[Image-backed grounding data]
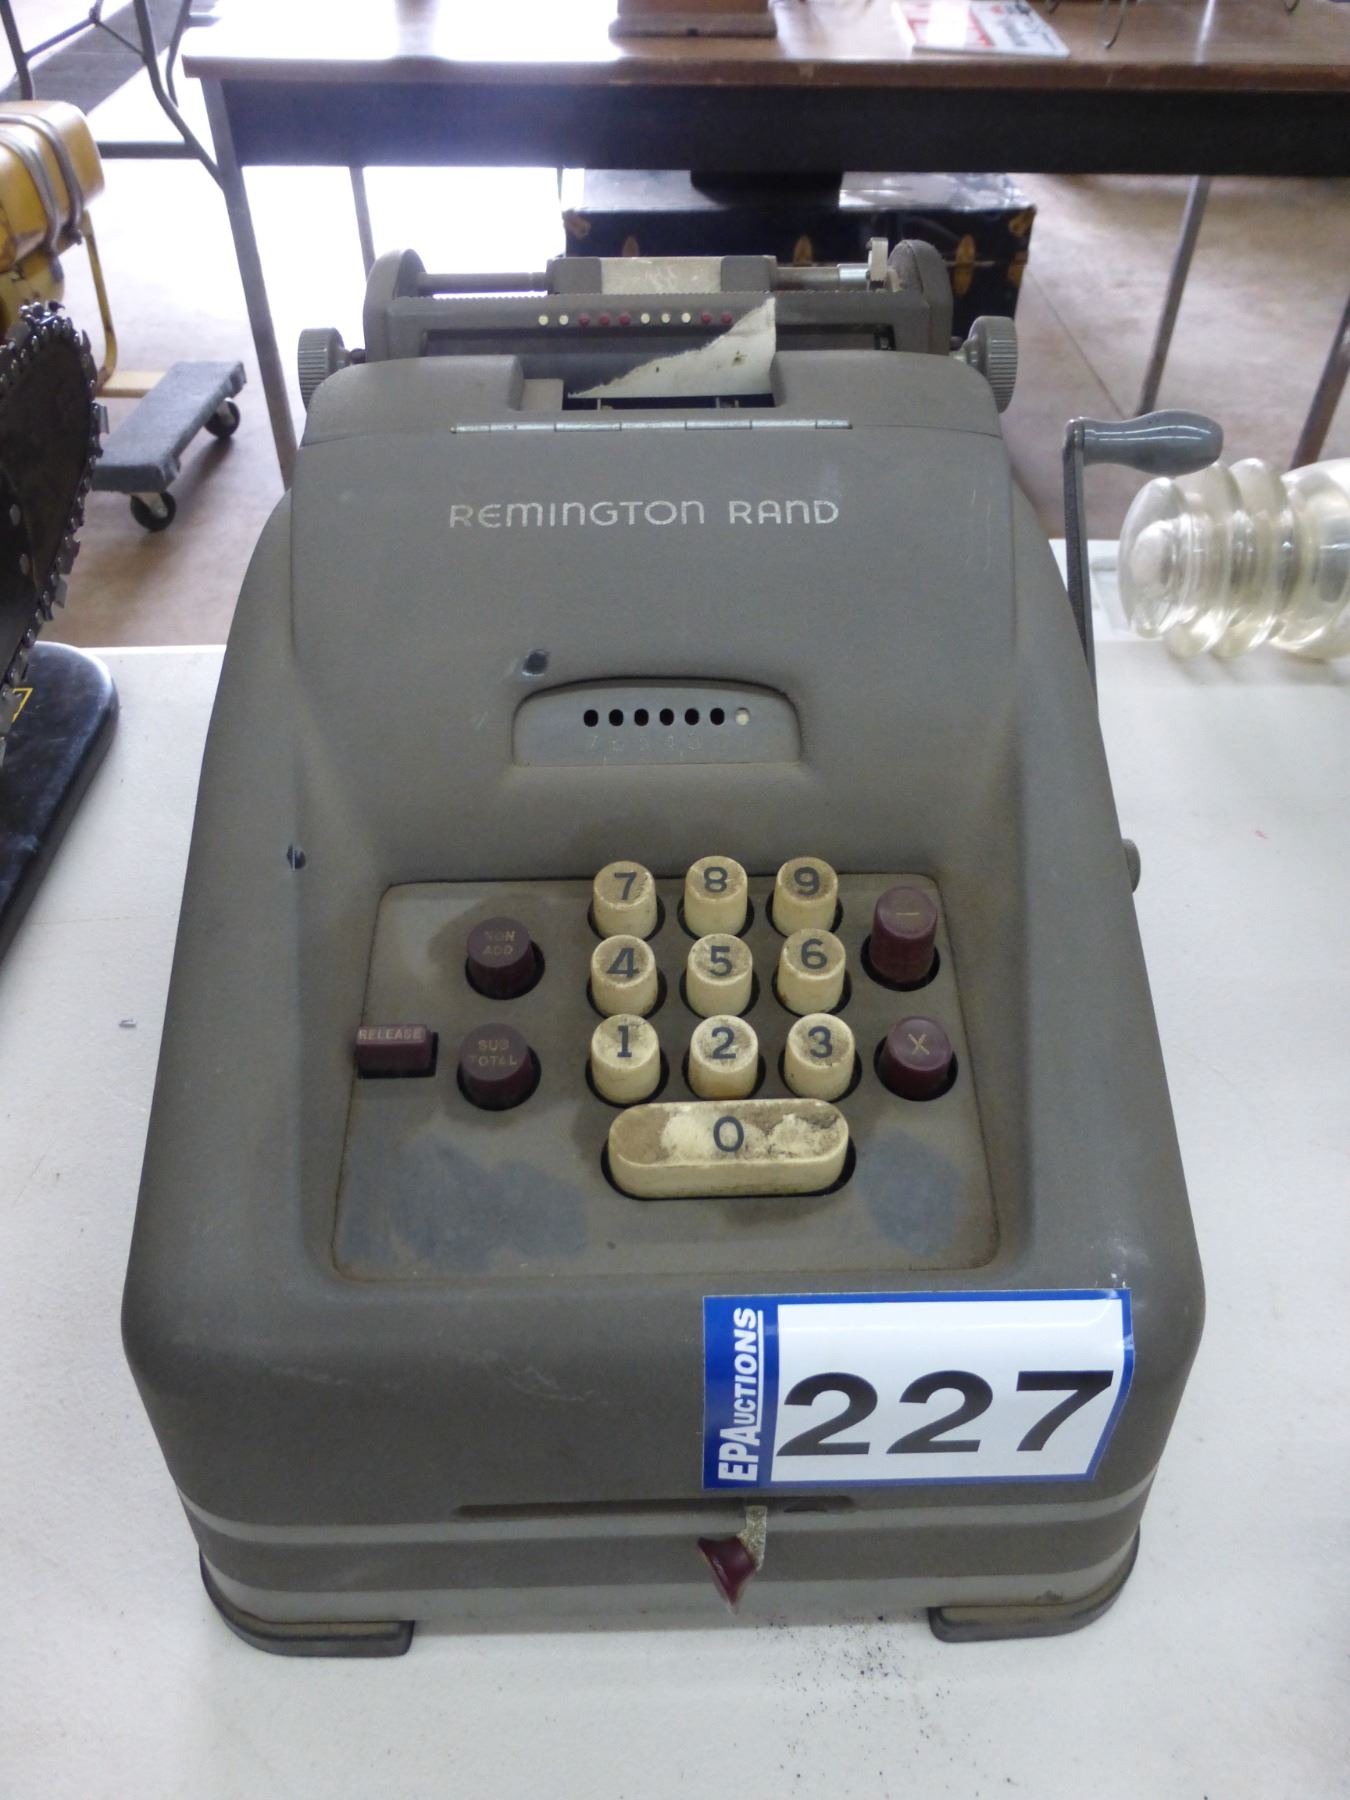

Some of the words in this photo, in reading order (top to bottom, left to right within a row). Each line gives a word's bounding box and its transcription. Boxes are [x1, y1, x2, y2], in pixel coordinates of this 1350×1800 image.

[449, 500, 705, 528] REMINGTON
[728, 499, 840, 525] RAND
[614, 871, 638, 900] 7
[703, 866, 729, 893] 8
[793, 866, 821, 896] 9
[606, 947, 640, 979] 4
[709, 945, 733, 977] 5
[800, 938, 828, 970] 6
[358, 1026, 424, 1041] RELEASE
[616, 1025, 633, 1059] 1
[710, 1026, 737, 1060] 2
[807, 1025, 834, 1059] 3
[712, 1115, 745, 1153] 0
[776, 1369, 1115, 1457] 227

* **What needs to be done**
Each record above should be retyped exactly, with no pictures carried over.

* **Task answer**
Some of the words in this photo, in reading order (top to bottom, left to right within a row). Each line gives a word's bounding box and its transcription. Boxes are [x1, y1, x2, y2], in pixel coordinates of this 1350×1800 image.

[449, 500, 705, 528] REMINGTON
[728, 499, 840, 525] RAND
[614, 871, 638, 900] 7
[703, 866, 729, 893] 8
[793, 866, 821, 896] 9
[606, 947, 640, 979] 4
[709, 945, 733, 977] 5
[800, 938, 828, 970] 6
[358, 1026, 424, 1041] RELEASE
[616, 1025, 633, 1059] 1
[710, 1026, 737, 1060] 2
[807, 1025, 834, 1059] 3
[712, 1115, 745, 1153] 0
[776, 1369, 1115, 1457] 227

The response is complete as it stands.